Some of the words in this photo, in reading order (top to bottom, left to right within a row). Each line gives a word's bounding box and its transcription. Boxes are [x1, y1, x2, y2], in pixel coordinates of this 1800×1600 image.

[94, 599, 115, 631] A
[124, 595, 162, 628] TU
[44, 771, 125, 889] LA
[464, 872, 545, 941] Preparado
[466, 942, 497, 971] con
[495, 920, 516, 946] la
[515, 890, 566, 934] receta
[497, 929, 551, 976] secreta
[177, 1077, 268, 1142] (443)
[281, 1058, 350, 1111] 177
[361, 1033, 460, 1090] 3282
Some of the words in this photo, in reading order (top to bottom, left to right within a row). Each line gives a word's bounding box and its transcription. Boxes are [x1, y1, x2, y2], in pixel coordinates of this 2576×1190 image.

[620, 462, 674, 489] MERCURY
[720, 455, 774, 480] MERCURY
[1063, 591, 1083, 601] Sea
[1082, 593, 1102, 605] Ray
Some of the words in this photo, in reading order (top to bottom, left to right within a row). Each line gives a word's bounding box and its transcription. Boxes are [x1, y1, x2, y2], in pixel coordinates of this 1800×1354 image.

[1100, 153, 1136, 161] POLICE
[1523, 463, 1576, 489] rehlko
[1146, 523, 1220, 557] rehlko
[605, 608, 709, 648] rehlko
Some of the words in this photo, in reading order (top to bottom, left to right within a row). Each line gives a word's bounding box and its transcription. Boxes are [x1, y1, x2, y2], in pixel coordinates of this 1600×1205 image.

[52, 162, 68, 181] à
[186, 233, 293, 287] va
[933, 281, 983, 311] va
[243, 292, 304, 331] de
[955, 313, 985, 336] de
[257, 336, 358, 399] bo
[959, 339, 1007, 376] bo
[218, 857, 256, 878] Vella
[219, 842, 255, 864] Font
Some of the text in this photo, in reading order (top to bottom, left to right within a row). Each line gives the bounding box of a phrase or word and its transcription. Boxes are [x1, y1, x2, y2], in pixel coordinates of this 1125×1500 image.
—————
▸ Problem details: All entries must be duplicated exactly, with none left out.

▸ Expected answer:
Some of the words in this photo, in reading order (top to bottom, left to right within a row). Each line gives a word's bounding box and its transcription. Boxes are [x1, y1, x2, y2], in pixel coordinates of this 1800×1600 image.

[94, 599, 115, 631] A
[124, 595, 162, 628] TU
[44, 771, 125, 889] LA
[464, 872, 545, 941] Preparado
[466, 942, 497, 971] con
[495, 920, 516, 946] la
[515, 890, 566, 934] receta
[497, 929, 551, 976] secreta
[177, 1077, 268, 1142] (443)
[281, 1058, 350, 1111] 177
[361, 1033, 460, 1090] 3282
Some of the words in this photo, in reading order (top to bottom, left to right within a row). Each line gives a word's bounding box and its transcription. Boxes are [x1, y1, x2, y2], in pixel coordinates of this 2576×1190 image.

[620, 462, 674, 489] MERCURY
[720, 455, 774, 480] MERCURY
[1063, 591, 1083, 601] Sea
[1082, 593, 1102, 605] Ray
Some of the words in this photo, in reading order (top to bottom, left to right within a row). Each line gives a word's bounding box and its transcription. Boxes are [x1, y1, x2, y2], in pixel coordinates of this 1800×1354 image.

[1100, 153, 1136, 161] POLICE
[1523, 463, 1576, 489] rehlko
[1146, 523, 1220, 557] rehlko
[605, 608, 709, 648] rehlko
Some of the words in this photo, in reading order (top to bottom, left to right within a row). Each line gives a word's bounding box and its transcription. Boxes are [x1, y1, x2, y2], in pixel coordinates of this 1600×1205 image.

[52, 162, 68, 181] à
[186, 233, 293, 287] va
[933, 281, 983, 311] va
[243, 292, 304, 331] de
[955, 313, 985, 336] de
[257, 336, 358, 399] bo
[959, 339, 1007, 376] bo
[218, 857, 256, 878] Vella
[219, 842, 255, 864] Font
Some of the text in this photo, in reading order (top to bottom, left to right within a row). Each line gives the bounding box of a phrase or word and its transcription. Boxes are [x1, y1, x2, y2], in pixel coordinates of this 1125×1500 image.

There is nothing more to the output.